§ **TASK INSTRUCTIONS**: Every entry has to be output exactly, with none skipped.

*** DATA EXCERPTS ***

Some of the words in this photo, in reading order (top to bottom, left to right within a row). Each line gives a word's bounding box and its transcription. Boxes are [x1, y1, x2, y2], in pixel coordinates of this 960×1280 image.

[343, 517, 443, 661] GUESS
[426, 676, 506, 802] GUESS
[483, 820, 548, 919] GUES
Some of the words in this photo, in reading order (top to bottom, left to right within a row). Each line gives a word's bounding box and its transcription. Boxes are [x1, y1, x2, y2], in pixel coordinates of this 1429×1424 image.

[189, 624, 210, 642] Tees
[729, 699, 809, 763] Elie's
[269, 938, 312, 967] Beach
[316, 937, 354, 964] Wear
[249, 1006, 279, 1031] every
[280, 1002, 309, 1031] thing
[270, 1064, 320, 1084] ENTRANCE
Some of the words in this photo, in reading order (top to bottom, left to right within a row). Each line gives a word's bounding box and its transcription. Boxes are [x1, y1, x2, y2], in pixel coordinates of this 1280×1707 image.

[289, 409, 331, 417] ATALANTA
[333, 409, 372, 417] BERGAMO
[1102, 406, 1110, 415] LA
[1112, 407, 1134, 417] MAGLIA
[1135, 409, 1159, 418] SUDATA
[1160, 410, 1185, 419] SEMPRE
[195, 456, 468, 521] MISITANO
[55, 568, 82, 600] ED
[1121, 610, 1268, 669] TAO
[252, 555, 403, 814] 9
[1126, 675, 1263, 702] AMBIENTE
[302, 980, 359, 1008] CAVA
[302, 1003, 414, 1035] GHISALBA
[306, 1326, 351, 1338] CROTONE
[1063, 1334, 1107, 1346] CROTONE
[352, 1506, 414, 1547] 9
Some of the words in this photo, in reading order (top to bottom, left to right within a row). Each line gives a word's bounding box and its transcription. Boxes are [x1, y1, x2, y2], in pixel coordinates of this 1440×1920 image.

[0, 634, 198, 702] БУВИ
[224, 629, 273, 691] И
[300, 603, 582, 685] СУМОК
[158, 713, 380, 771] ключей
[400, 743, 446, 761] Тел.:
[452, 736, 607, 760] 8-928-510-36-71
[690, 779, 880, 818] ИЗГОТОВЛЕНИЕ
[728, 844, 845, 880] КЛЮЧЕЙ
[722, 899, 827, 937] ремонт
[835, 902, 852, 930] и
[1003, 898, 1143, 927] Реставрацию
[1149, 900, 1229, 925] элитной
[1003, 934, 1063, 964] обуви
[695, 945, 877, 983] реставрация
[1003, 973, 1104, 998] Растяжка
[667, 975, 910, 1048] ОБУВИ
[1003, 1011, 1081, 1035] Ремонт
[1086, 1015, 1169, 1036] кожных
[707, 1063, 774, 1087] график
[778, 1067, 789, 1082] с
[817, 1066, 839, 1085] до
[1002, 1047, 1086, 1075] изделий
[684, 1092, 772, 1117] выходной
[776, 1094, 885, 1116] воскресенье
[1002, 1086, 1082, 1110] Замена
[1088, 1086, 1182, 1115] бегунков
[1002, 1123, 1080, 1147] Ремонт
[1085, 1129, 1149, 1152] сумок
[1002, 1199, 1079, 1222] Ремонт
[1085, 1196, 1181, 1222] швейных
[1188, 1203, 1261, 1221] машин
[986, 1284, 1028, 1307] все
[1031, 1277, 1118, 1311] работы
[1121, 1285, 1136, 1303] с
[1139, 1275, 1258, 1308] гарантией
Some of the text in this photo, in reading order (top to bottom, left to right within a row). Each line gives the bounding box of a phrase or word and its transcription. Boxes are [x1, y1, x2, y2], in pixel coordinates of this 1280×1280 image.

*** End of DATA EXCERPTS ***

§ **EXPECTED ANSWER**:
Some of the words in this photo, in reading order (top to bottom, left to right within a row). Each line gives a word's bounding box and its transcription. Boxes are [x1, y1, x2, y2], in pixel coordinates of this 960×1280 image.

[343, 517, 443, 661] GUESS
[426, 676, 506, 802] GUESS
[483, 820, 548, 919] GUES
Some of the words in this photo, in reading order (top to bottom, left to right within a row). Each line gives a word's bounding box and its transcription. Boxes are [x1, y1, x2, y2], in pixel coordinates of this 1429×1424 image.

[189, 624, 210, 642] Tees
[729, 699, 809, 763] Elie's
[269, 938, 312, 967] Beach
[316, 937, 354, 964] Wear
[249, 1006, 279, 1031] every
[280, 1002, 309, 1031] thing
[270, 1064, 320, 1084] ENTRANCE
Some of the words in this photo, in reading order (top to bottom, left to right within a row). Each line gives a word's bounding box and its transcription. Boxes are [x1, y1, x2, y2], in pixel coordinates of this 1280×1707 image.

[289, 409, 331, 417] ATALANTA
[333, 409, 372, 417] BERGAMO
[1102, 406, 1110, 415] LA
[1112, 407, 1134, 417] MAGLIA
[1135, 409, 1159, 418] SUDATA
[1160, 410, 1185, 419] SEMPRE
[195, 456, 468, 521] MISITANO
[55, 568, 82, 600] ED
[1121, 610, 1268, 669] TAO
[252, 555, 403, 814] 9
[1126, 675, 1263, 702] AMBIENTE
[302, 980, 359, 1008] CAVA
[302, 1003, 414, 1035] GHISALBA
[306, 1326, 351, 1338] CROTONE
[1063, 1334, 1107, 1346] CROTONE
[352, 1506, 414, 1547] 9
Some of the words in this photo, in reading order (top to bottom, left to right within a row). Each line gives a word's bounding box and its transcription. Boxes are [x1, y1, x2, y2], in pixel coordinates of this 1440×1920 image.

[0, 634, 198, 702] БУВИ
[224, 629, 273, 691] И
[300, 603, 582, 685] СУМОК
[158, 713, 380, 771] ключей
[400, 743, 446, 761] Тел.:
[452, 736, 607, 760] 8-928-510-36-71
[690, 779, 880, 818] ИЗГОТОВЛЕНИЕ
[728, 844, 845, 880] КЛЮЧЕЙ
[722, 899, 827, 937] ремонт
[835, 902, 852, 930] и
[1003, 898, 1143, 927] Реставрацию
[1149, 900, 1229, 925] элитной
[1003, 934, 1063, 964] обуви
[695, 945, 877, 983] реставрация
[1003, 973, 1104, 998] Растяжка
[667, 975, 910, 1048] ОБУВИ
[1003, 1011, 1081, 1035] Ремонт
[1086, 1015, 1169, 1036] кожных
[707, 1063, 774, 1087] график
[778, 1067, 789, 1082] с
[817, 1066, 839, 1085] до
[1002, 1047, 1086, 1075] изделий
[684, 1092, 772, 1117] выходной
[776, 1094, 885, 1116] воскресенье
[1002, 1086, 1082, 1110] Замена
[1088, 1086, 1182, 1115] бегунков
[1002, 1123, 1080, 1147] Ремонт
[1085, 1129, 1149, 1152] сумок
[1002, 1199, 1079, 1222] Ремонт
[1085, 1196, 1181, 1222] швейных
[1188, 1203, 1261, 1221] машин
[986, 1284, 1028, 1307] все
[1031, 1277, 1118, 1311] работы
[1121, 1285, 1136, 1303] с
[1139, 1275, 1258, 1308] гарантией
Some of the text in this photo, in reading order (top to bottom, left to right within a row). Each line gives the bounding box of a phrase or word and its transcription. Boxes are [x1, y1, x2, y2], in pixel coordinates of this 1280×1280 image.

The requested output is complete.